# Requirement
Write out the records word for word.

(Stored data entries)
□ □ □ □

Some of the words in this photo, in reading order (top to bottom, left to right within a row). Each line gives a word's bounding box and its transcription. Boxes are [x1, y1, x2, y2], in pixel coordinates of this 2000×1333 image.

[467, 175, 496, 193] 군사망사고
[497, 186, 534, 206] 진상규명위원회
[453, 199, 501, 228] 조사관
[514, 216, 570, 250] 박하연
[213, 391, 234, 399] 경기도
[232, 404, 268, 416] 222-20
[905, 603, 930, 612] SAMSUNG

□ □ □ □

# Response area
Some of the words in this photo, in reading order (top to bottom, left to right within a row). Each line gives a word's bounding box and its transcription. Boxes are [x1, y1, x2, y2], in pixel coordinates of this 2000×1333 image.

[467, 175, 496, 193] 군사망사고
[497, 186, 534, 206] 진상규명위원회
[453, 199, 501, 228] 조사관
[514, 216, 570, 250] 박하연
[213, 391, 234, 399] 경기도
[232, 404, 268, 416] 222-20
[905, 603, 930, 612] SAMSUNG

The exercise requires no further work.